Nothing addresses everything that could happen, and it won’t, until it happens.
We’re Pretty Sure Now that Self-Driving Cars Are Safer
Figures range from cutting 1.2 millions car accidents down by half to reducing death, injuries, and property damage by as much as 90 percent.
The vast majority of car accidents is due to inattention or impairment. With hundreds of thousands of miles being logged by its self-driving Prius and Lexus cars (powered by the Google Chauffeur software), Google is currently collecting data that supports their superior safety over human drivers. Computers don’t get distracted. Acceleration and braking are smoother, and they are better able to maintain safe distances from the car in front of them. Automated systems are simply more efficient and consistent in safety.
Where Does Liability Start And End?
Technology changes human behavior. More importantly, when autonomous vehicles become more widespread, human behavior may change—but the same may not hold for human nature. What happens if software errs and someone gets hurt?
- If Jack doesn’t update the software that drives his car, and the car gets into an accident, whose fault is it? Jack or the software vendor?
- What’s to keep parents from letting their kids play in the street, knowing avoidance technology will keep cars from hitting them?
- How do we keep driverless cars from becoming a powerful tool for terrorists? Could a self-driving car be packed full of explosives and deliver itself to a pre-programmed address?
- If networking cars—and a central database of all cars—provides proximity information that keeps everyone safe, does that take precedence over privacy?

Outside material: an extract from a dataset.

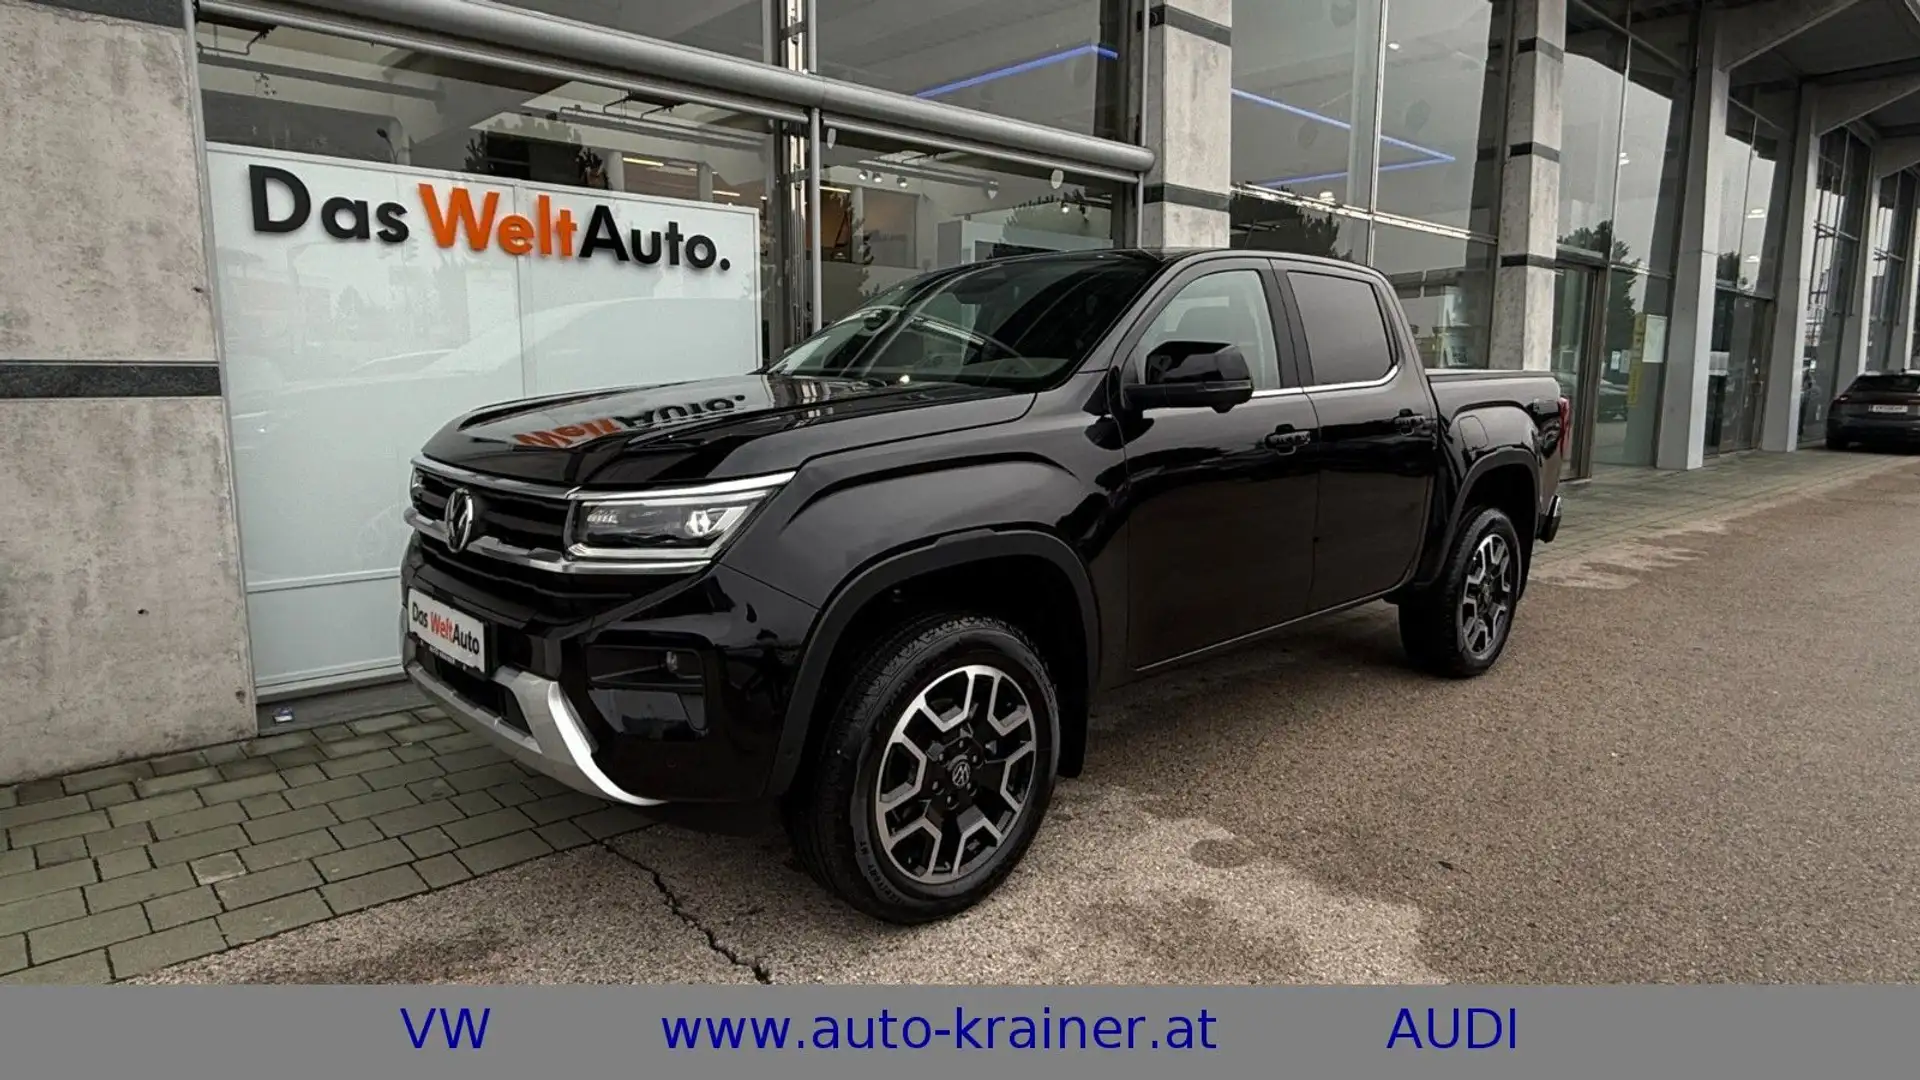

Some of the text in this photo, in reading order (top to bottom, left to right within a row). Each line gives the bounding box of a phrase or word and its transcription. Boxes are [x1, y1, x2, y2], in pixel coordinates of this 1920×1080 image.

[249, 164, 732, 271] Das WeltAuto.
[412, 601, 428, 629] Das
[430, 611, 480, 655] WeltAuto

- If insurance premiums start to plummet because cars are safer, will insurance companies have to find other insurance products to sell? Perhaps against auto hackers.
At this point, we are still conducting thought experiments to help determine how laws will be made, especially as we explore the long-term implications of robotic transportation. We do know, however, that the lives saved will greatly outweigh the risks, considering the kind of damage human drivers tend toward.
In the end, lawmakers won’t be dictating what goes on the road. The way will be paved by the engineers who are developing the technology.
How Will This Affect Engineering?
The goals of car design would change:
- A third of car design is devoted to safety systems; imagine if engineers no longer had to consider bracing cars against impact
- The value of a car would be based on software, such as the ability to find the path with the least traffic/obstacles
- Cars wouldn’t be about acceleration but about their ability to provide smooth, silent rides to work—so people can sleep, work, or have meetings during their rides
If anything goes wrong with self-driving cars, existing product liability laws put the blame on the manufacturer. However, it won’t be too long until innovation and widespread availability of autonomous vehicles starts pushing past the boundaries of existing law.